Top of The records
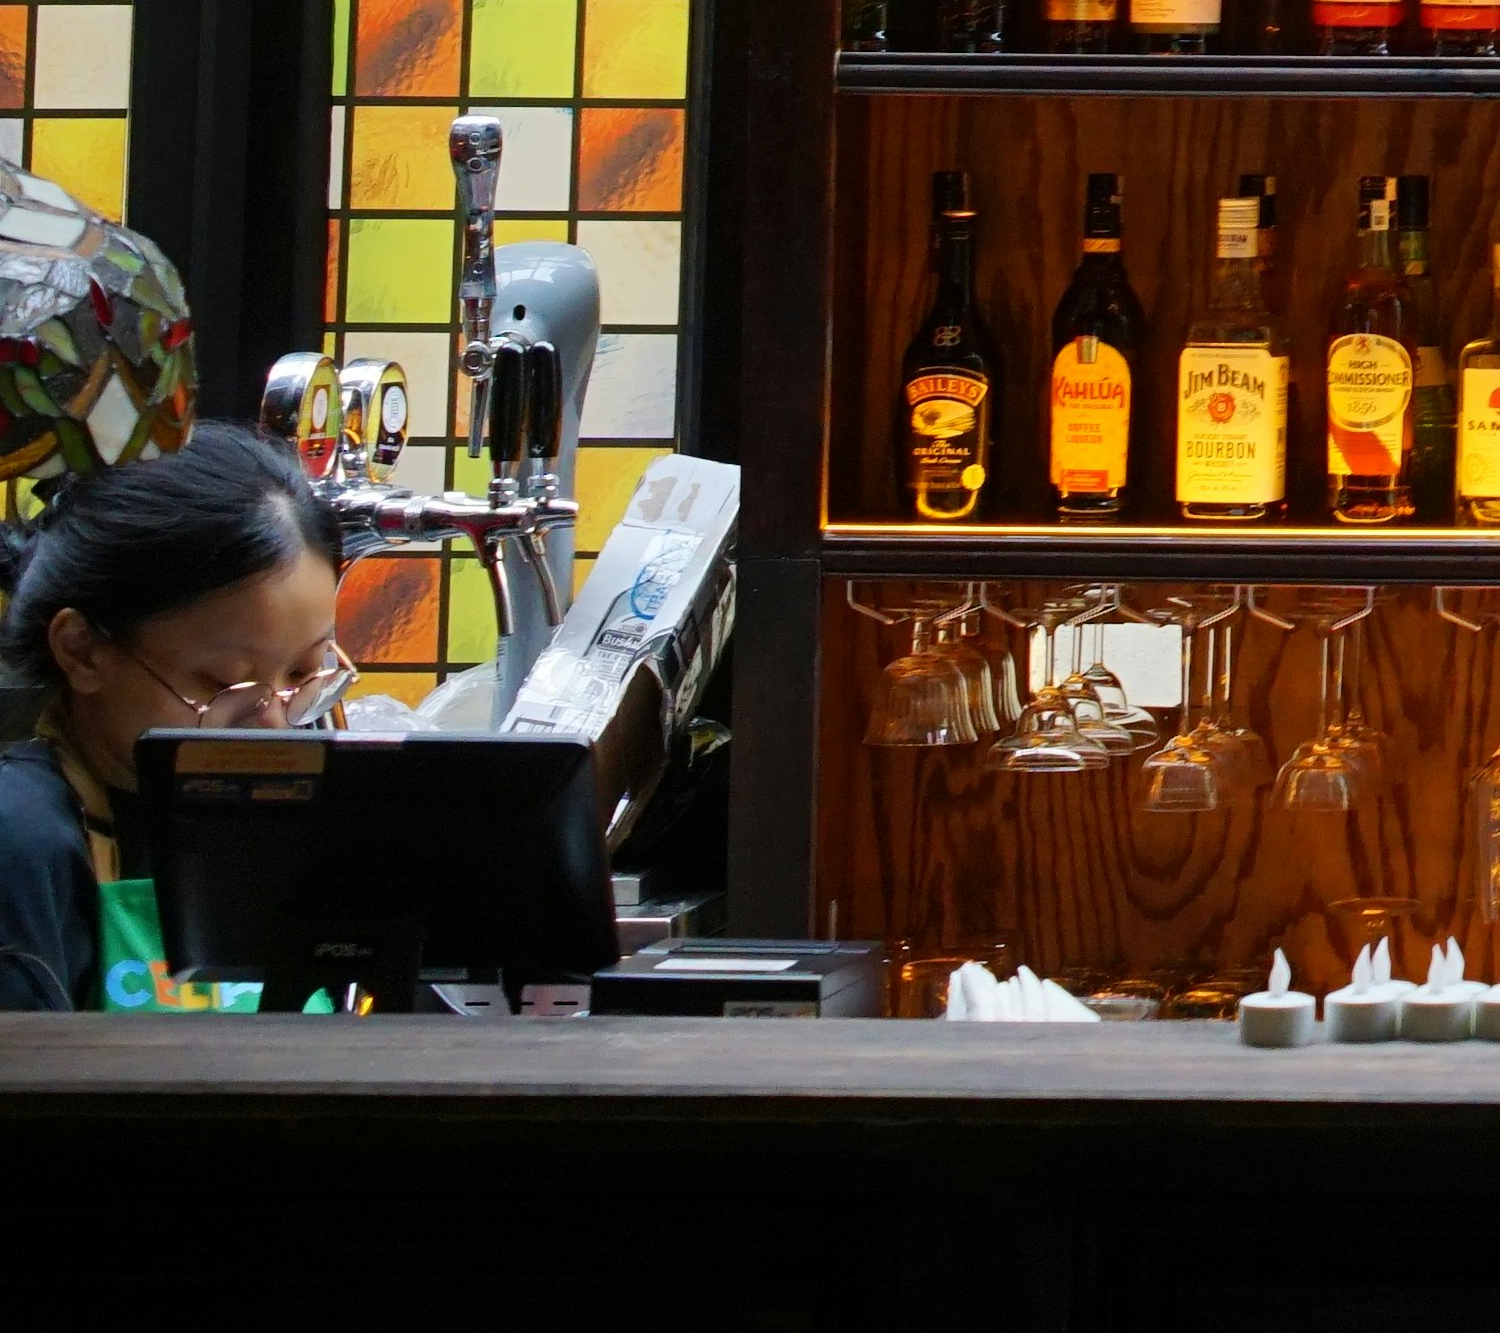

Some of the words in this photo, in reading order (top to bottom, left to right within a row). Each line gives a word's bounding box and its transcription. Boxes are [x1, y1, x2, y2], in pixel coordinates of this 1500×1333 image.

[1348, 360, 1378, 370] HIGH
[910, 377, 980, 401] BAILEYS
[1184, 369, 1214, 399] JIM
[1216, 363, 1264, 399] BEAM
[1054, 376, 1125, 409] KAHLÚA
[913, 447, 972, 456] ORIGINAL
[1186, 440, 1256, 459] BOURBON
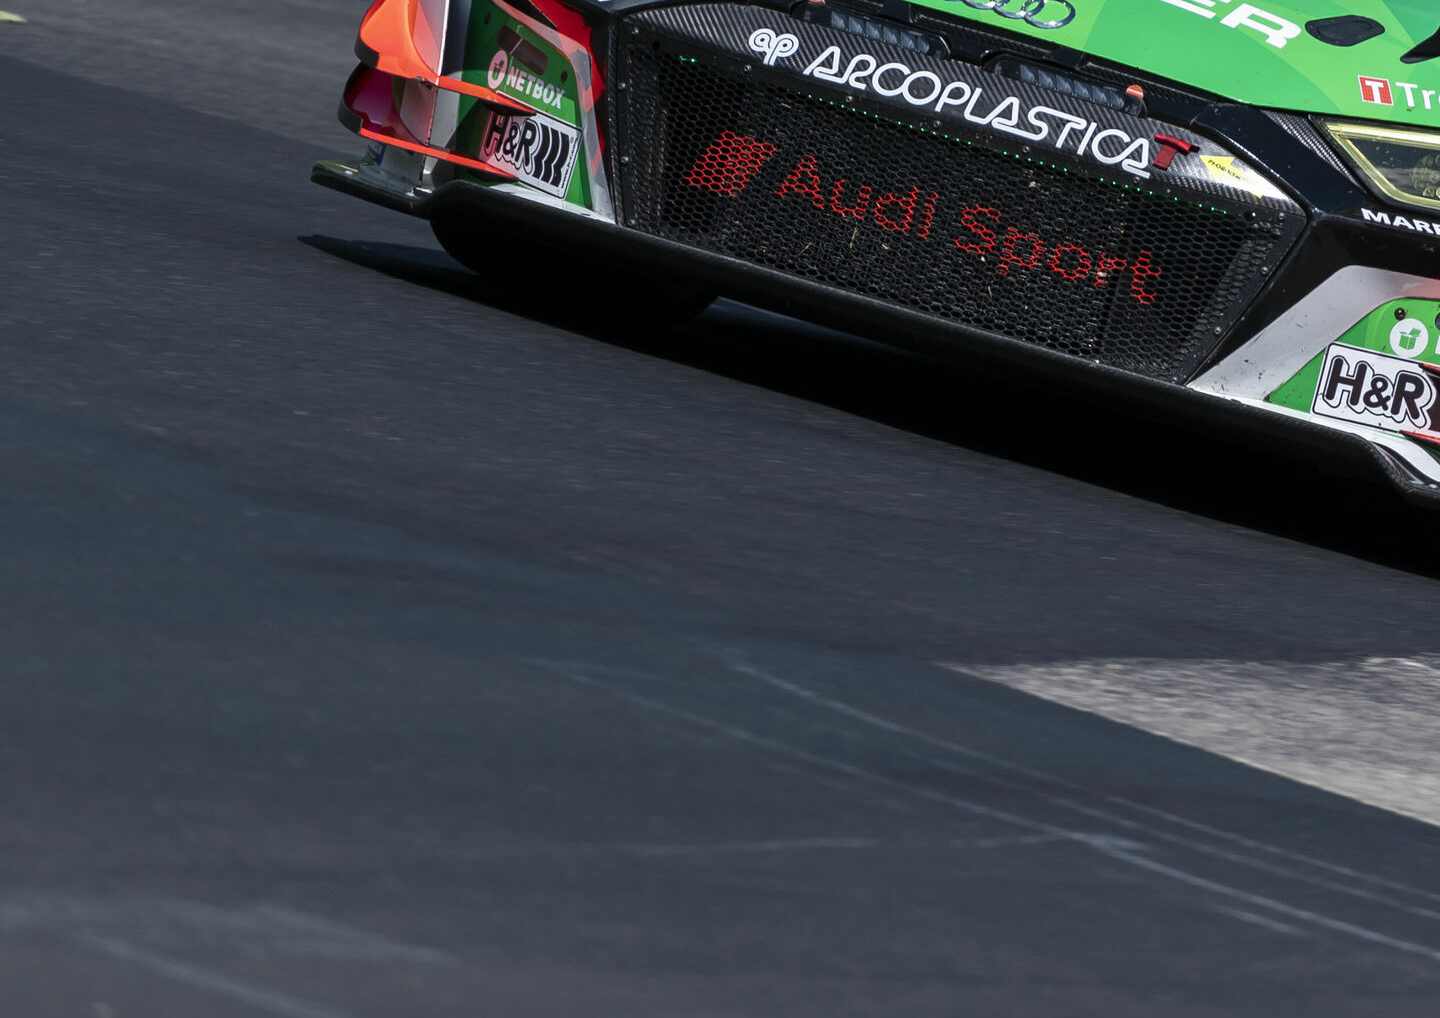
Bottom of The records
* _The problem_:
After dropping every picture, transcribe each entry exactly.

* _Answer to the exercise_:
Some of the words in this photo, in reading order (top to bottom, left to right within a row). Each line gives a word's bounding box and its transcription. Boxes are [x1, y1, x2, y2], in pixel coordinates of this 1500×1333 image.

[1348, 360, 1378, 370] HIGH
[910, 377, 980, 401] BAILEYS
[1184, 369, 1214, 399] JIM
[1216, 363, 1264, 399] BEAM
[1054, 376, 1125, 409] KAHLÚA
[913, 447, 972, 456] ORIGINAL
[1186, 440, 1256, 459] BOURBON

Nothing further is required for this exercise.